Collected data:
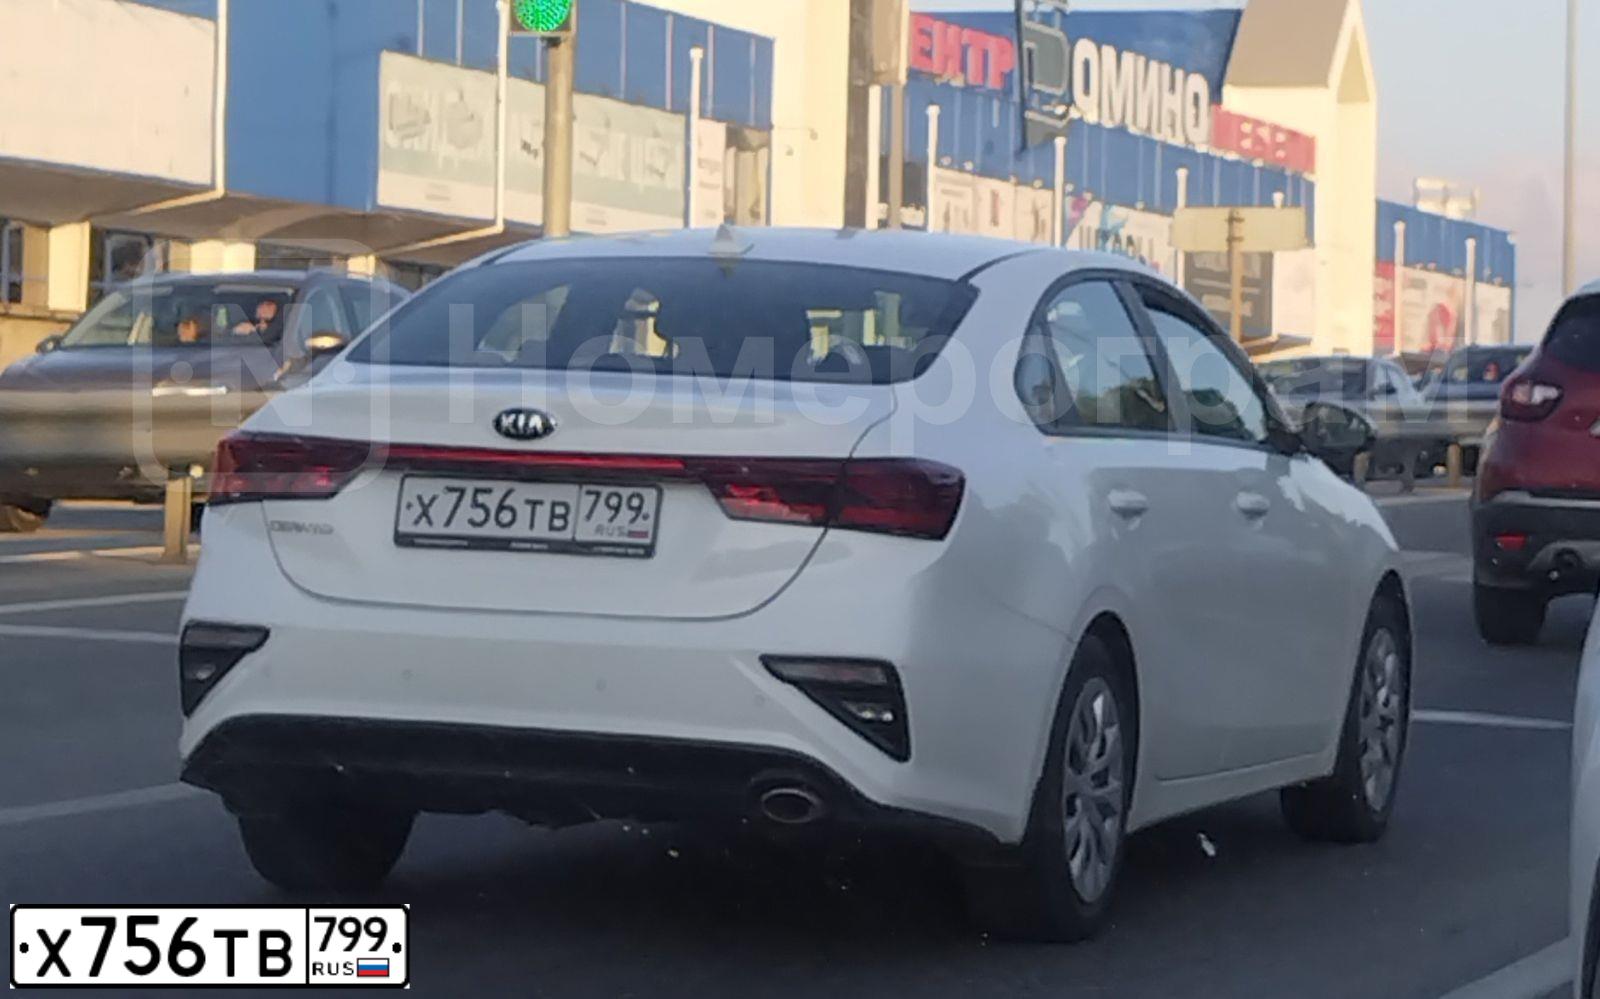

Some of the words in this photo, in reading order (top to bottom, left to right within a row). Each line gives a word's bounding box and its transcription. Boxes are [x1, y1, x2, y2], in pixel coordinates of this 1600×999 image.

[909, 12, 1015, 91] ЕНТР
[501, 412, 544, 435] KIA
[585, 489, 645, 524] 799
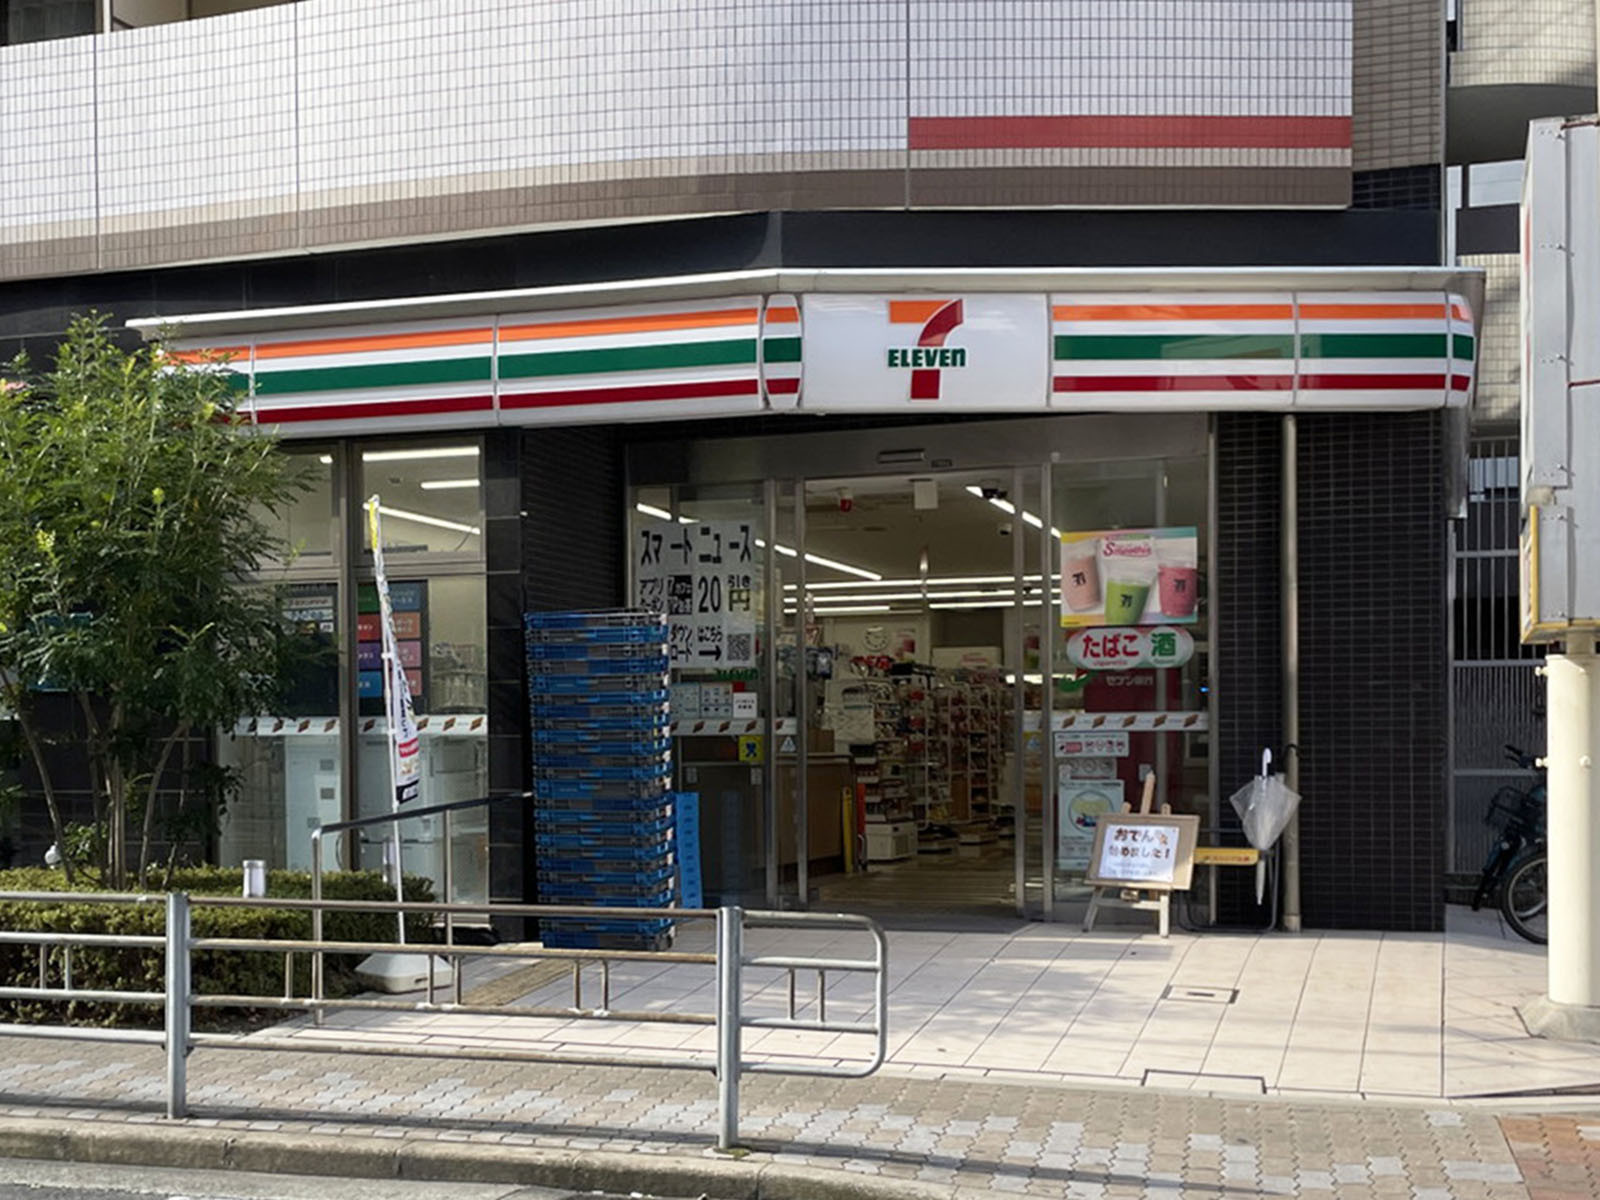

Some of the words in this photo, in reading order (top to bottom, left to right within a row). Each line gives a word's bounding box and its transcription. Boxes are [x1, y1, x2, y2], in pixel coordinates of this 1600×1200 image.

[641, 525, 752, 566] スマートニュース
[698, 575, 721, 613] 20
[729, 588, 751, 612] 円
[1082, 633, 1140, 659] たばこ
[1151, 633, 1176, 657] 酒
[1114, 827, 1154, 841] おでん
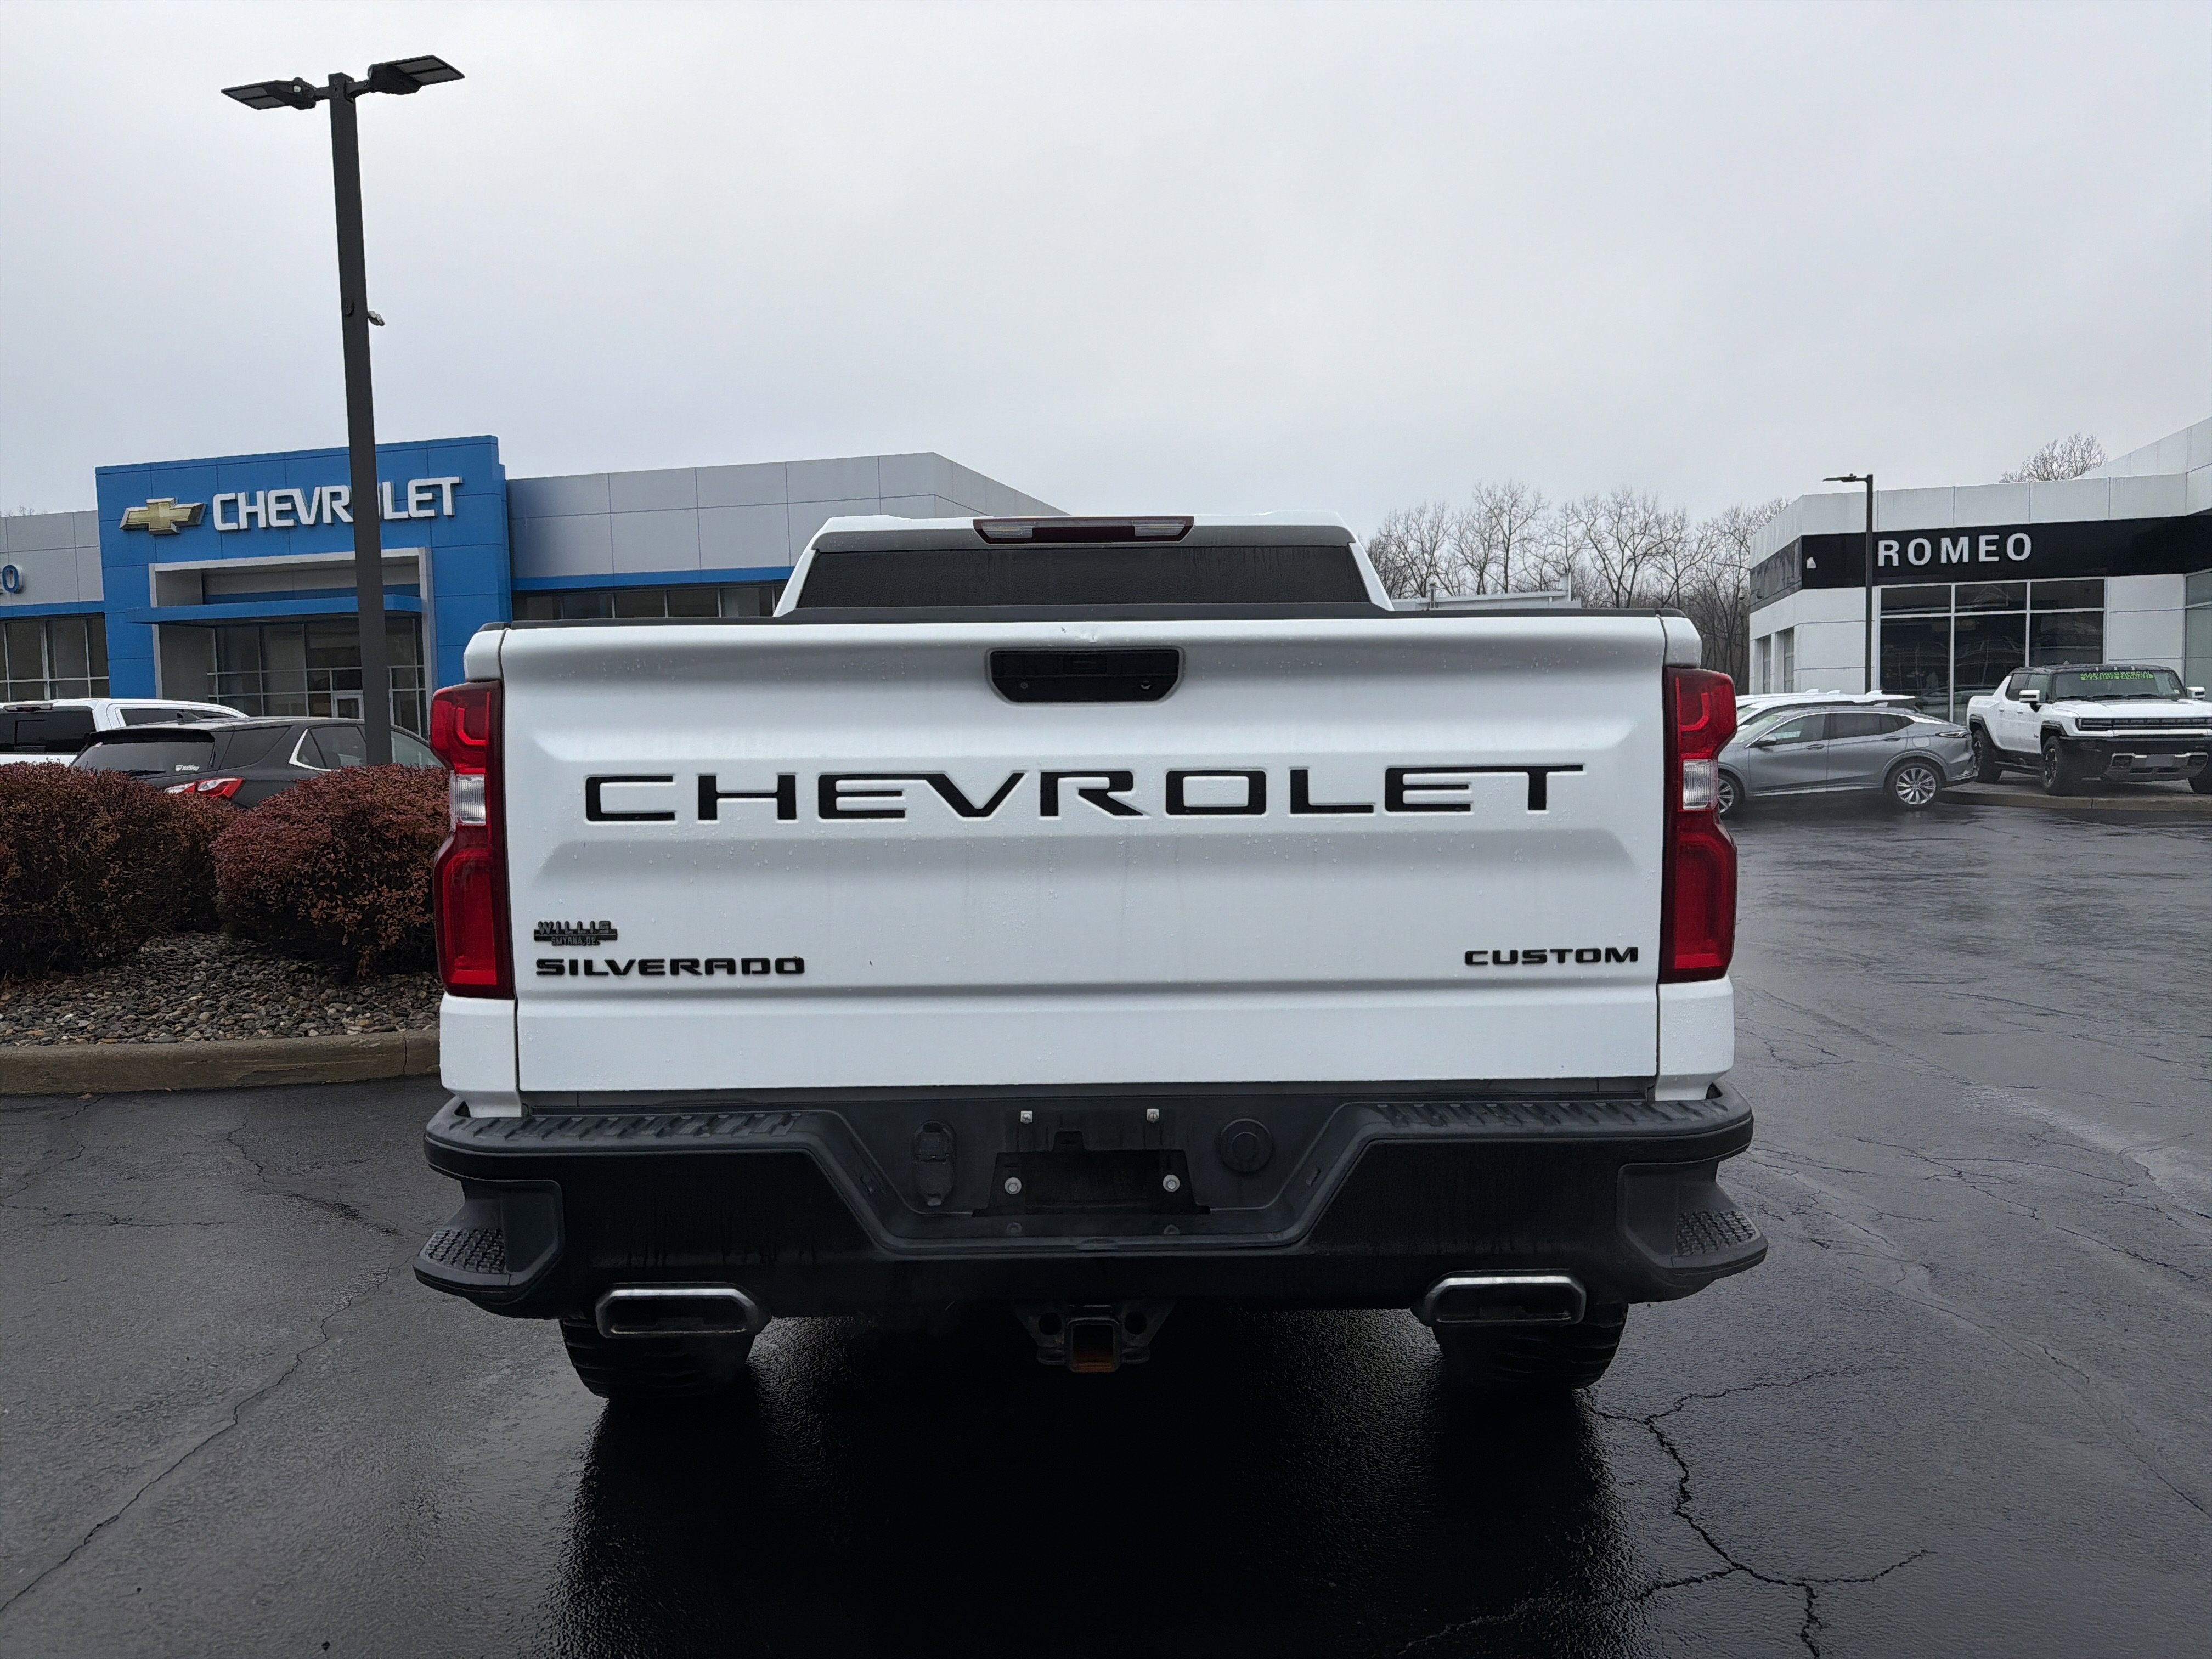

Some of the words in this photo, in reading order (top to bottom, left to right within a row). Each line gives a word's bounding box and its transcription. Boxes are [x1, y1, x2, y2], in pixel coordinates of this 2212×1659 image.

[212, 476, 462, 531] CHEVRLET
[1878, 533, 2032, 567] ROMEO
[585, 765, 1584, 822] CHEVROLET
[538, 921, 611, 934] WILLIS
[536, 958, 805, 976] SILVERADO
[1465, 947, 1639, 966] CUSTOM

- Exercise -
The expected answer is the data retyped exactly, without pictures.

- Response to the exercise -
Some of the words in this photo, in reading order (top to bottom, left to right within a row). Each line gives a word's bounding box and its transcription. Boxes are [x1, y1, x2, y2], in pixel coordinates of this 1600×999 image.

[909, 12, 1015, 91] ЕНТР
[501, 412, 544, 435] KIA
[585, 489, 645, 524] 799

Some of the words in this photo, in reading order (top to bottom, left to right within a row). Each line gives a word's bounding box and its transcription. Boxes are [x1, y1, x2, y2], in pixel coordinates of this 1600×1200 image.

[641, 525, 752, 566] スマートニュース
[698, 575, 721, 613] 20
[729, 588, 751, 612] 円
[1082, 633, 1140, 659] たばこ
[1151, 633, 1176, 657] 酒
[1114, 827, 1154, 841] おでん

Some of the words in this photo, in reading order (top to bottom, left to right within a row). Each line gives a word's bounding box and its transcription. Boxes are [x1, y1, x2, y2], in pixel coordinates of this 2212×1659 image.

[212, 476, 462, 531] CHEVRLET
[1878, 533, 2032, 567] ROMEO
[585, 765, 1584, 822] CHEVROLET
[538, 921, 611, 934] WILLIS
[536, 958, 805, 976] SILVERADO
[1465, 947, 1639, 966] CUSTOM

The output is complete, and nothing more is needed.